I've seen people do a lot of things to satisfy themselves. I thought being loved by a beautiful girl would satisfy me. I mean REALLY loved. Like the kind of love I have for her. I said and did the right things, changed myself, gave myself to her, completely invested my heart, my time, my money, my body, just to make her happy. Because if she loved me, just like I love her, I would be so satisfied. So happy.

I have seen beautiful, amazingly beautiful girls, dress like whores and get totally trashed, among other things, just to get guys' attention. Even girls who deep love do the same. I've seen guys get trashed and treat these girls like trash because they think the achievement of sex is the most satisfying thing.

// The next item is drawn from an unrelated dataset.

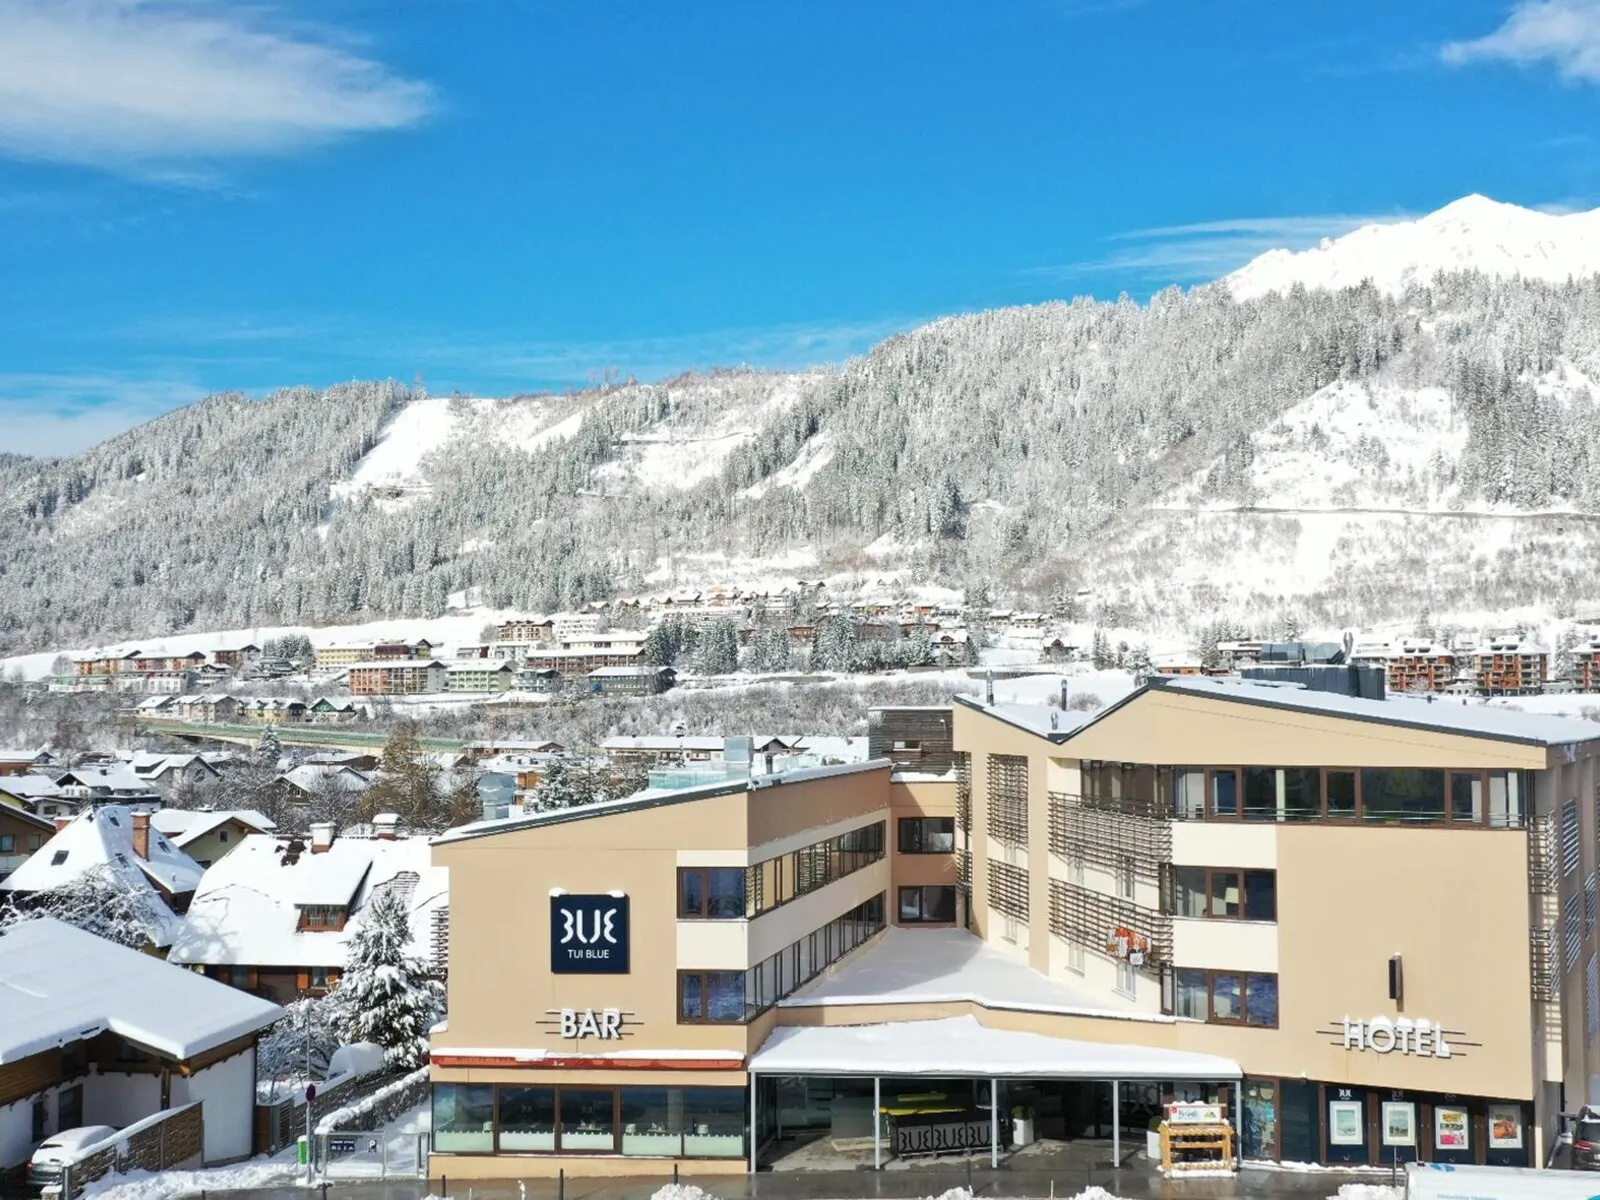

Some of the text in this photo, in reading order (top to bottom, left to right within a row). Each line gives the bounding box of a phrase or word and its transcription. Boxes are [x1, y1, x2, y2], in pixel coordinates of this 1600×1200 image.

[568, 950, 610, 959] TUI BLUE
[560, 1008, 622, 1039] BAR
[1343, 1017, 1452, 1059] HOTEL

The athlete that spends all her energy and time and thought about how to be better, because only the best get the glory. The professional manager, climbing a corporate ladder, because if he made that much more, if he had that much more influence, he would have achieved something of real worth. One of the guys doing something crazy for the glory. Drinking and dancing, having someone flirt with you and put their hands on you, just for a taste of some good satisfaction.

What about the Christian who gives away everything and abandons the people around them to do something radical for God? If he was hardcore enough, on fire enough for God, he would be doing something worthwhile.

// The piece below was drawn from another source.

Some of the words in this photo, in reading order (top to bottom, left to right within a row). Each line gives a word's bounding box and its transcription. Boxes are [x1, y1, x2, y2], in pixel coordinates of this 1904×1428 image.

We do these things because they satisfy. Just a taste of her love brings me to my knees in a glorious, passionate, ecstasy. And I fight for more. I can't get enough. And when I don't get it, I spend a copious amount of time and energy trying to think of what I'm doing wrong. Why don't you love me? Don't you know what I've done for you? Are you not satisfied with my affection?

I had a conversation recently with a friend about why people walk away from their faith. 75% of Christians walk away in the college years and 80% of new believers walk away during the first year.
What the heck? Is Christ really that unattractive?

I would submit to you that we, as Christians, do the exact same thing with Christianity that everyone else does. We go to church and experience a strong attachment, an emotional high, an epiphany, whatever it be. We spend time with our Christian friends and feel accepted and like we are good people. We "do stuff" for God and feel like we are doing something worthwhile with our lives.
But our human nature is in all of that. We compare ourselves to one another, checking to see if we are hardcore enough. We feel this "righteous guilt" (which is some Christianese nonsense, btw) about not doing the right stuff. We devalue ourselves when we sin. We actually question whether God is there or if the church is leading you to Him based on how much we "feel it" that day!

What I'm saying is that the same issues we bring up with the "stuff of this world" which we usually point out as being only temporary fulfillments are the same issues we have in church! In fact, these issues are so bad, our church-y fulfillment so temporary, that 80% of newcomers walk away in one year. Random sex sounds a lot better to a lot of people.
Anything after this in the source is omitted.